Do you have a photo? I could tell you which species it is.


----------



## furrytails (Nov 5, 2013)

i know people (one of my friends) keep butterflys as a pet so I couldn't see why you couldn't keep a moth. but i don't know about the life expectancy of a moth- the butterflys don't live very long.

If we could identify the species we could properally help more. Looking forward to the phote


----------



## Phoenix24 (Apr 6, 2013)

I'm afraid it will have used up vast amounts of its energy reserves the moment it was woken up by the warmth and started flying. Best you can do is offer it a little sugar water soaked onto some cotton wool (or equivalent) and try to get the moth to walk on it so that it will sense the moisture. It will drink it up through a long 'tongue' like a straw. After that you might be able to chill it back into hibernation, but it may or may not survive. By the way, not all moths feed. Some species build up all of their energy reserves as caterpillars and do not feed at all as adult imagos. Some moths do not even have the mouthparts necessary for feeding!

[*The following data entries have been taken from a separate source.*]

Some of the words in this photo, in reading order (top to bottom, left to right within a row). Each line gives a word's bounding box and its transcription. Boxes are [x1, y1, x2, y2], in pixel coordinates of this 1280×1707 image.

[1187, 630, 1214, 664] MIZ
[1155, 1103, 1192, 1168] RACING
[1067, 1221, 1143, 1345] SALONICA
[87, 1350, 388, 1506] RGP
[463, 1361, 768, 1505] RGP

Believe it or not there are moth species that are active in the winter in their adult form. They will mate and lay eggs - and often it is the eggs that will 'overwinter' to hatch in the spring. Alternatively, other species (usually late summer and autumn caterpillars) overwinter at the pupal stage.

Most likely the moth is not the stage that is hibernating - but without knowing the species I can't tell you for sure.

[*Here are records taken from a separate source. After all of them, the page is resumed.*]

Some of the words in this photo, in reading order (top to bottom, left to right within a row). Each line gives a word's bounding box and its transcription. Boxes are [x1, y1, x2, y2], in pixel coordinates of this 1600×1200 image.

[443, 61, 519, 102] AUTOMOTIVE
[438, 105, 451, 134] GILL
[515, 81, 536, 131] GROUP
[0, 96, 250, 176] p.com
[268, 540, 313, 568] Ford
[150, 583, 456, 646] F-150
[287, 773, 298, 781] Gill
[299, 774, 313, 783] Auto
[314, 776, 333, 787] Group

Where are you? Are you in the UK? Can you describe the moth? At this time of year in the UK there are several moth species active, notably the November moth(s), the epirritas, and there is also a December moth.

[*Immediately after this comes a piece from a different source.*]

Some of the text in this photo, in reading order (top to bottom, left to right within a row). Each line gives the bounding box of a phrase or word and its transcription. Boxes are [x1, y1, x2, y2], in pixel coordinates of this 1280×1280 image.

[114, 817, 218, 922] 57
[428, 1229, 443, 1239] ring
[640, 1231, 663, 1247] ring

As for keeping a moth as a pet, at any time of year - they only have a short life span in that stage and by keeping it you are preventing it from finding a mate and contributing to the next generation. Some moth species are rare, some critically so. If you want to you can try growing a caterpillar and keeping it through pupation until it emerges - this can be very rewarding, if done properly, ie identifying the caterpillar if possible, feeding the correct food plant, providing the right materials for pupation etc.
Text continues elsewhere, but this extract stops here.